TASK DESCRIPTION:
Omit the images, then output each of the records below exactly.

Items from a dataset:
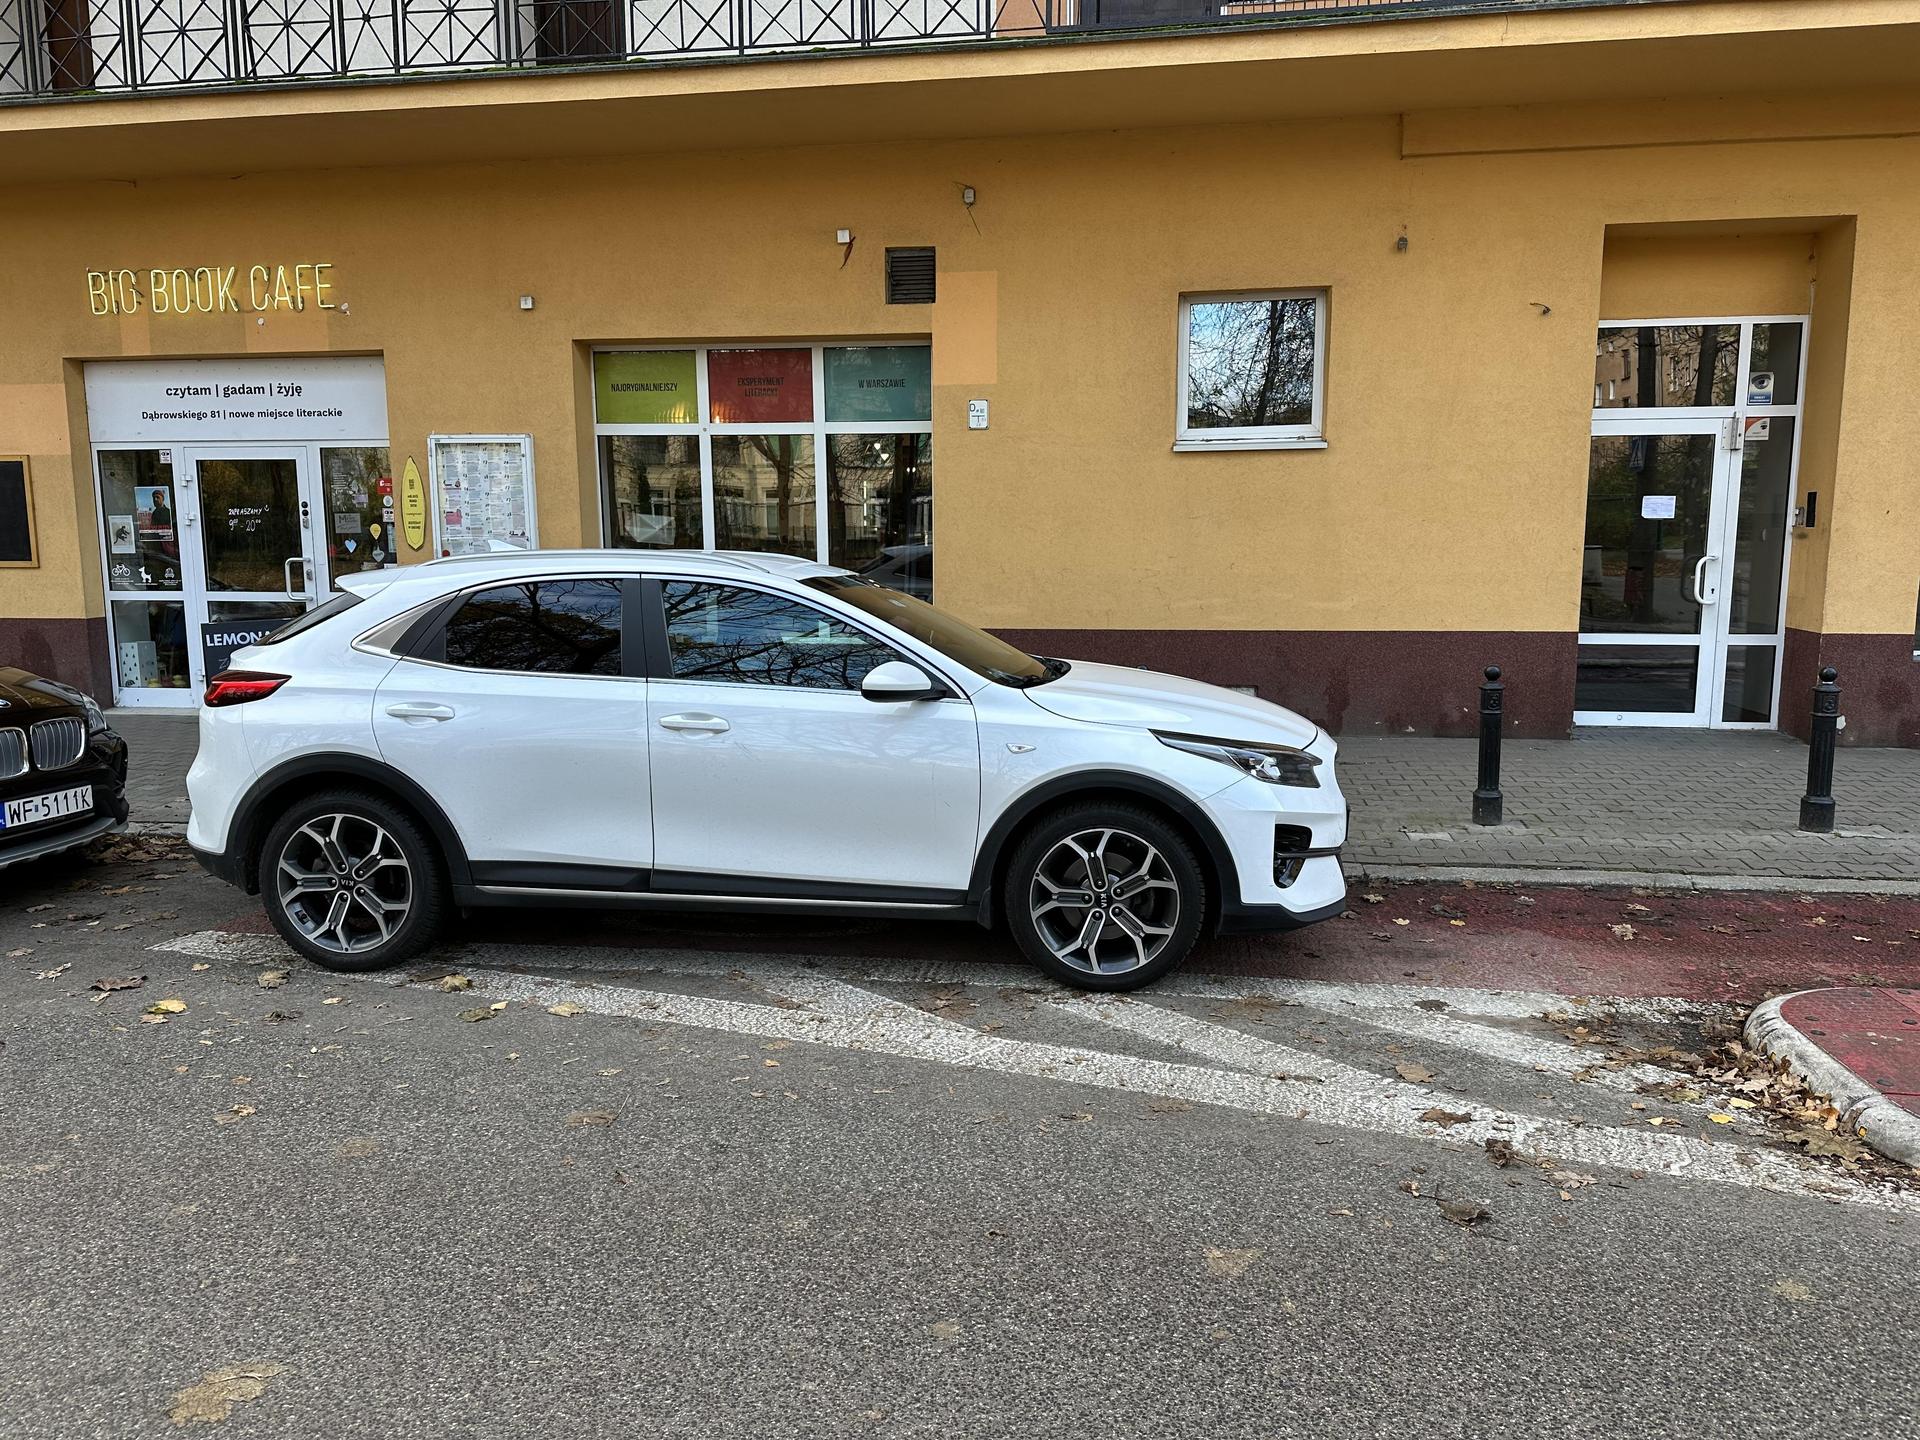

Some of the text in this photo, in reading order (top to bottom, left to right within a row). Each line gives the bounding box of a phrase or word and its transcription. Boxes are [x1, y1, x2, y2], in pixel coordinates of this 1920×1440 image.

[88, 263, 335, 314] BIG BOOK CAFE
[165, 385, 212, 399] czytam
[223, 383, 265, 398] gadam
[276, 382, 303, 397] żyję
[610, 382, 679, 393] NAJORYGINALNIEJSZY
[141, 410, 208, 421] Dąbrowskiego
[210, 410, 221, 419] 81
[229, 410, 255, 418] nowe
[257, 408, 294, 420] miejsce
[296, 407, 343, 418] literackie
[8, 799, 34, 825] WF
[41, 787, 91, 818] 5111K

RESPONSE AREA:
Some of the text in this photo, in reading order (top to bottom, left to right within a row). Each line gives the bounding box of a phrase or word and its transcription. Boxes are [x1, y1, x2, y2], in pixel coordinates of this 1920×1440 image.

[88, 263, 335, 314] BIG BOOK CAFE
[165, 385, 212, 399] czytam
[223, 383, 265, 398] gadam
[276, 382, 303, 397] żyję
[610, 382, 679, 393] NAJORYGINALNIEJSZY
[141, 410, 208, 421] Dąbrowskiego
[210, 410, 221, 419] 81
[229, 410, 255, 418] nowe
[257, 408, 294, 420] miejsce
[296, 407, 343, 418] literackie
[8, 799, 34, 825] WF
[41, 787, 91, 818] 5111K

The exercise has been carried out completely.